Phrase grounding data

....

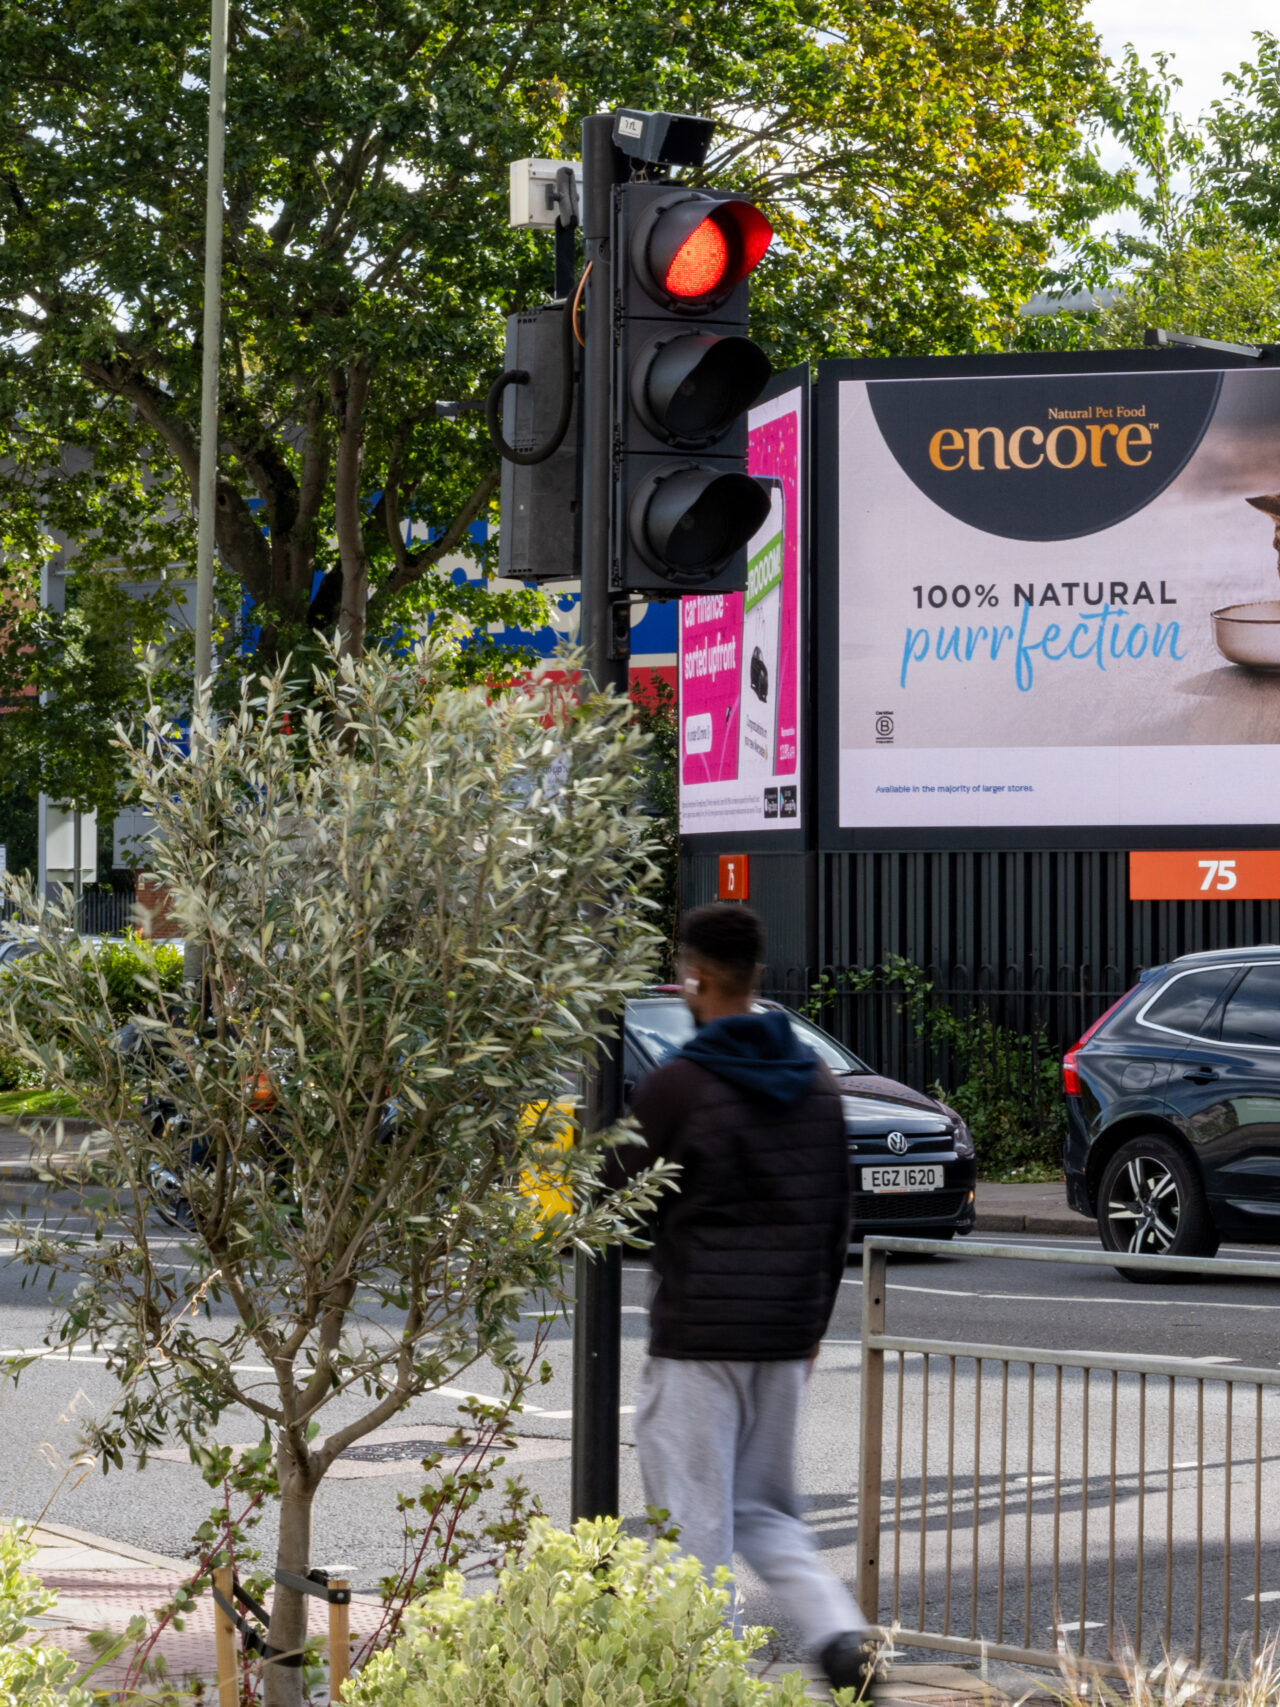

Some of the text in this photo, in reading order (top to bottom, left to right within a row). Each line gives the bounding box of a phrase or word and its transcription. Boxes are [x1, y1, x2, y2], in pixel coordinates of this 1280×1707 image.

[1048, 405, 1146, 420] Natural Pet Food
[912, 580, 1178, 609] 100% NATURAL
[684, 600, 697, 628] car
[684, 632, 736, 682] sorted upfront
[900, 600, 1189, 692] purrfection
[876, 784, 1034, 795] Available in the majority of larger stores.
[1198, 860, 1237, 891] 75
[871, 1168, 935, 1187] EGZ 1620
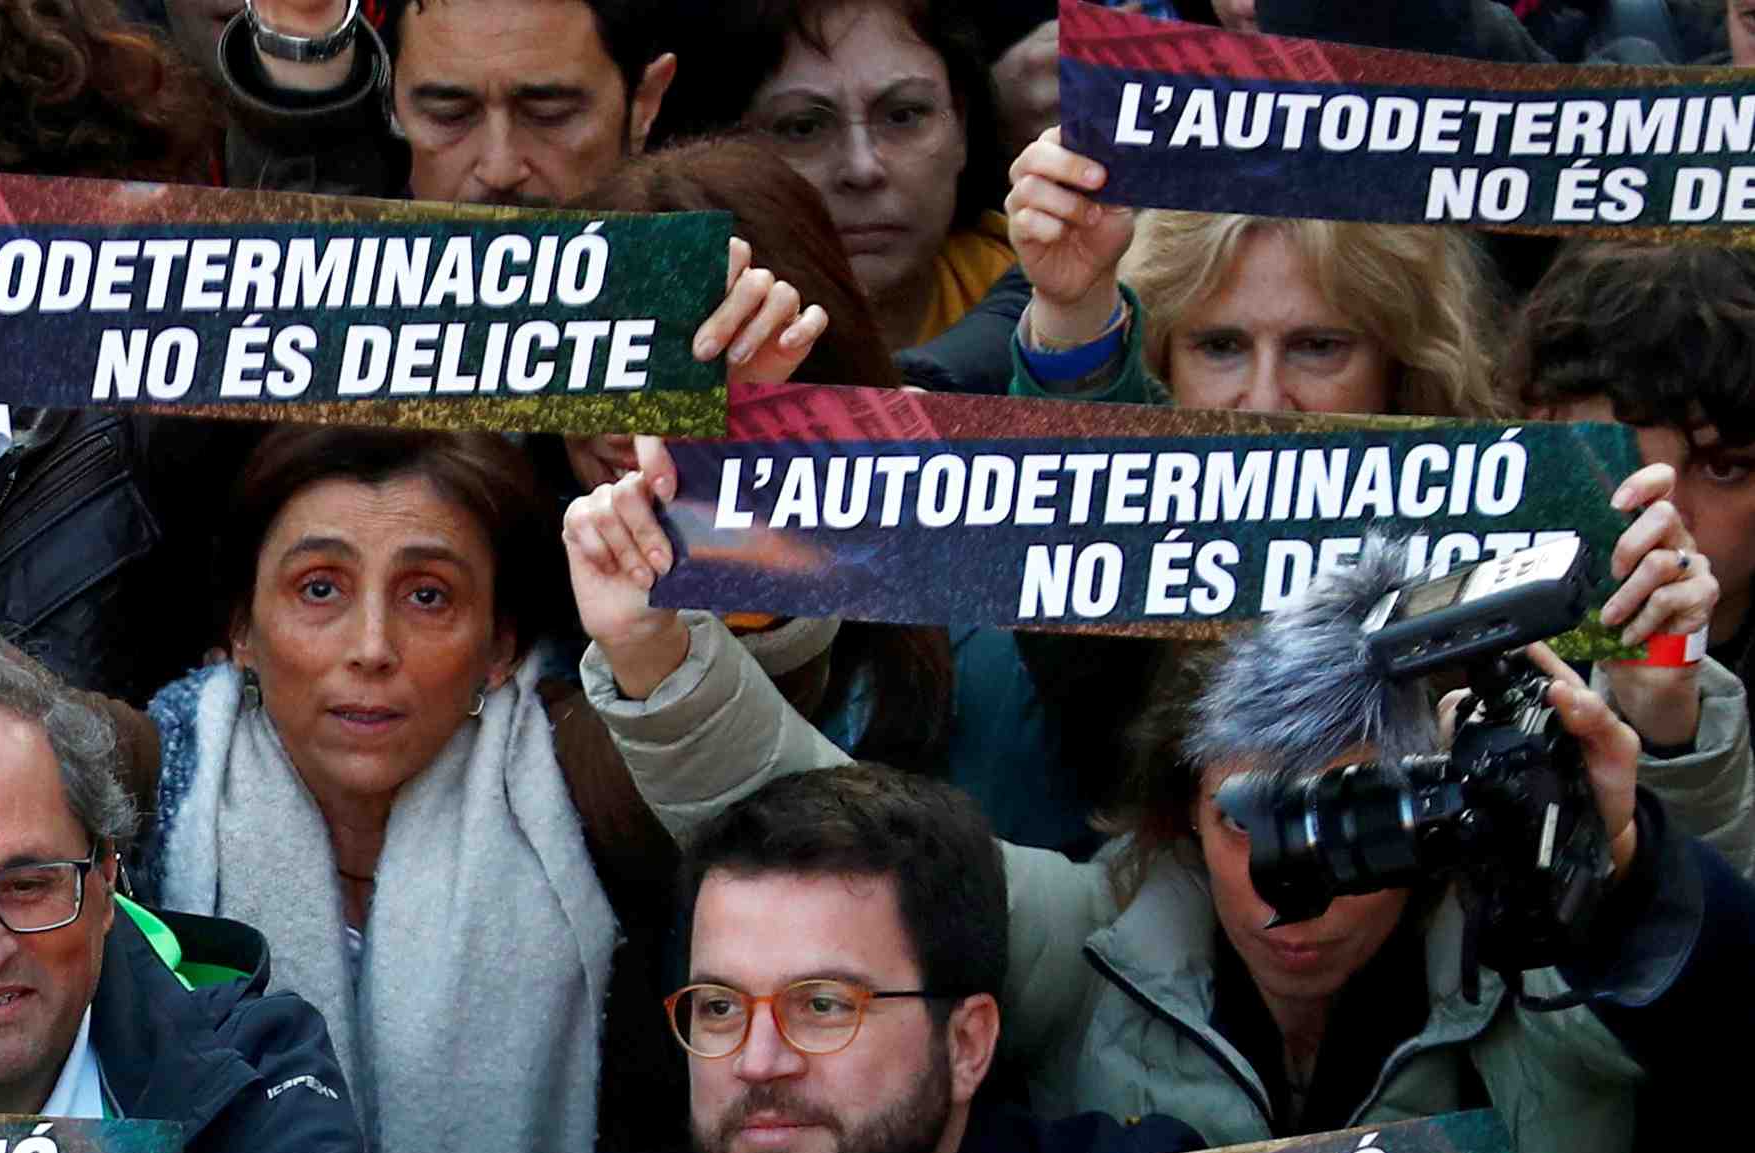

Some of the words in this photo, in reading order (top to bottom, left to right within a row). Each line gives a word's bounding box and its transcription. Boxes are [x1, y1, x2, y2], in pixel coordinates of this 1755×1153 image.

....

ACTIVITY -> All that is needed is an exact copy of the entries above, minus the pictures.

WRITTEN ANSWER ->
Some of the text in this photo, in reading order (top to bottom, left to right within a row). Each line gives the bounding box of a phrase or word and its transcription. Boxes are [x1, y1, x2, y2], in pixel coordinates of this 1280×1707 image.

[1048, 405, 1146, 420] Natural Pet Food
[912, 580, 1178, 609] 100% NATURAL
[684, 600, 697, 628] car
[684, 632, 736, 682] sorted upfront
[900, 600, 1189, 692] purrfection
[876, 784, 1034, 795] Available in the majority of larger stores.
[1198, 860, 1237, 891] 75
[871, 1168, 935, 1187] EGZ 1620

Some of the words in this photo, in reading order (top to bottom, left to right within a row). Each line gives a word's bounding box and its transcription. Boxes are [x1, y1, x2, y2], in pixel coordinates of this 1755×1153 image.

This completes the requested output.